## [WORK TO BE COMPLETED]
Reproduce the listing below word for word, with no pictures.

## [DATA SUPPLIED]
---*---

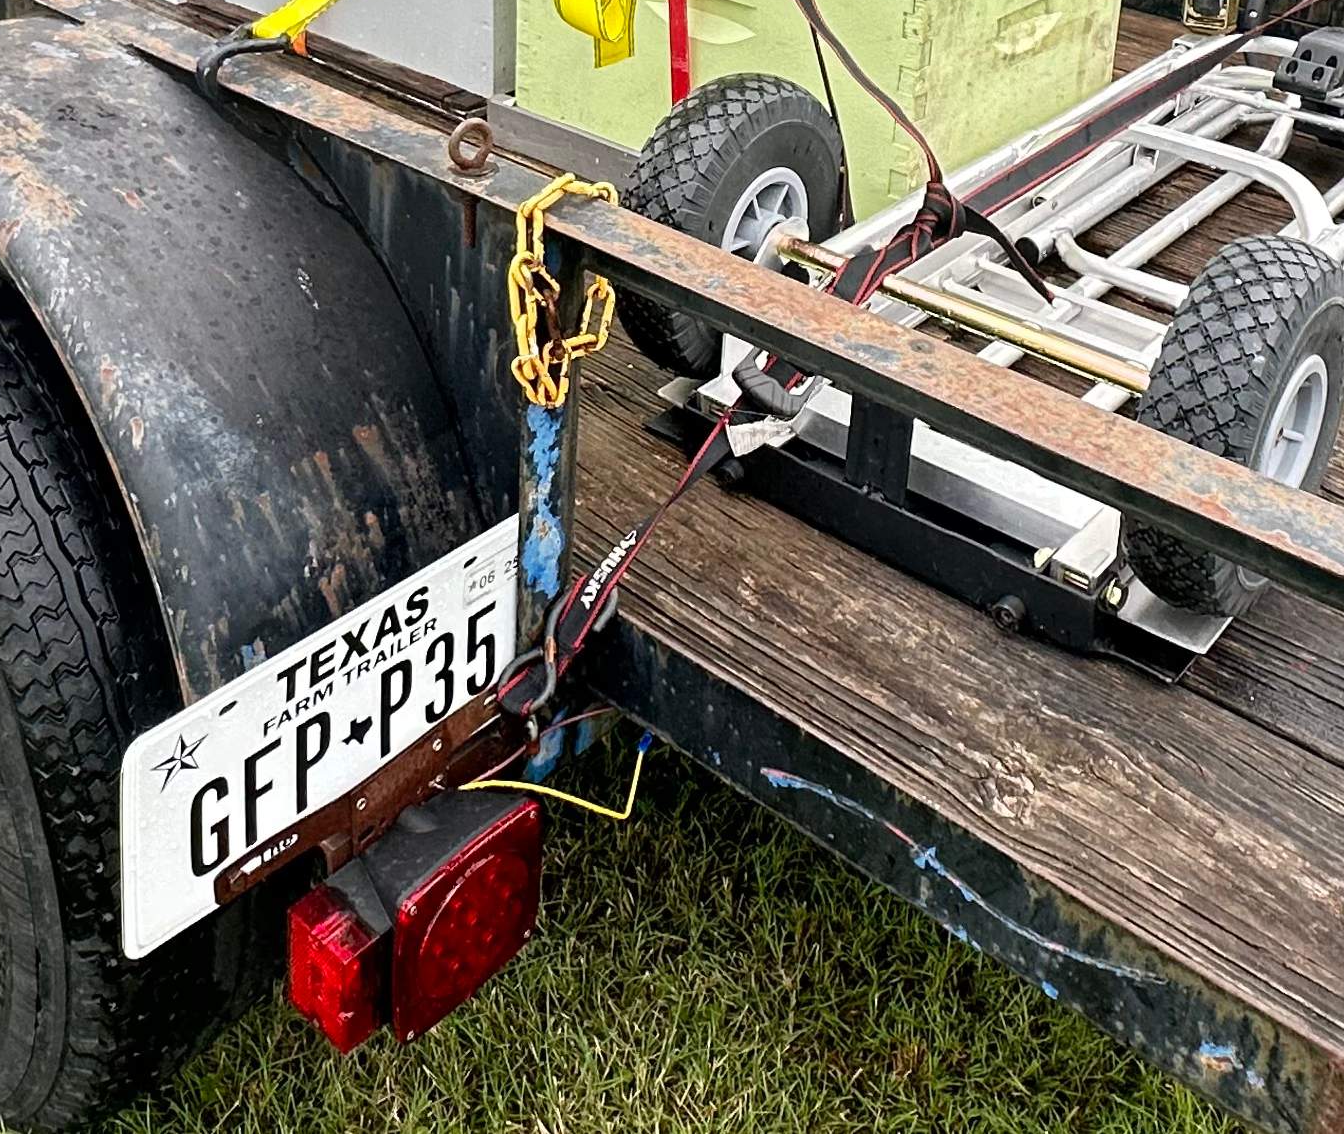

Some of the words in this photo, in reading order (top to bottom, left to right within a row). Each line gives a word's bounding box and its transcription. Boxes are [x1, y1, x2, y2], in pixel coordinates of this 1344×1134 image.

[579, 542, 629, 610] HUSKY
[262, 680, 335, 739] FARM
[342, 616, 439, 687] TRAILER
[276, 585, 431, 704] TEXAS

---*---

## [RESPONSE FOR THIS EXERCISE]
Some of the words in this photo, in reading order (top to bottom, left to right within a row). Each line gives a word's bounding box and its transcription. Boxes are [x1, y1, x2, y2], in pixel coordinates of this 1344×1134 image.

[579, 542, 629, 610] HUSKY
[262, 680, 335, 739] FARM
[342, 616, 439, 687] TRAILER
[276, 585, 431, 704] TEXAS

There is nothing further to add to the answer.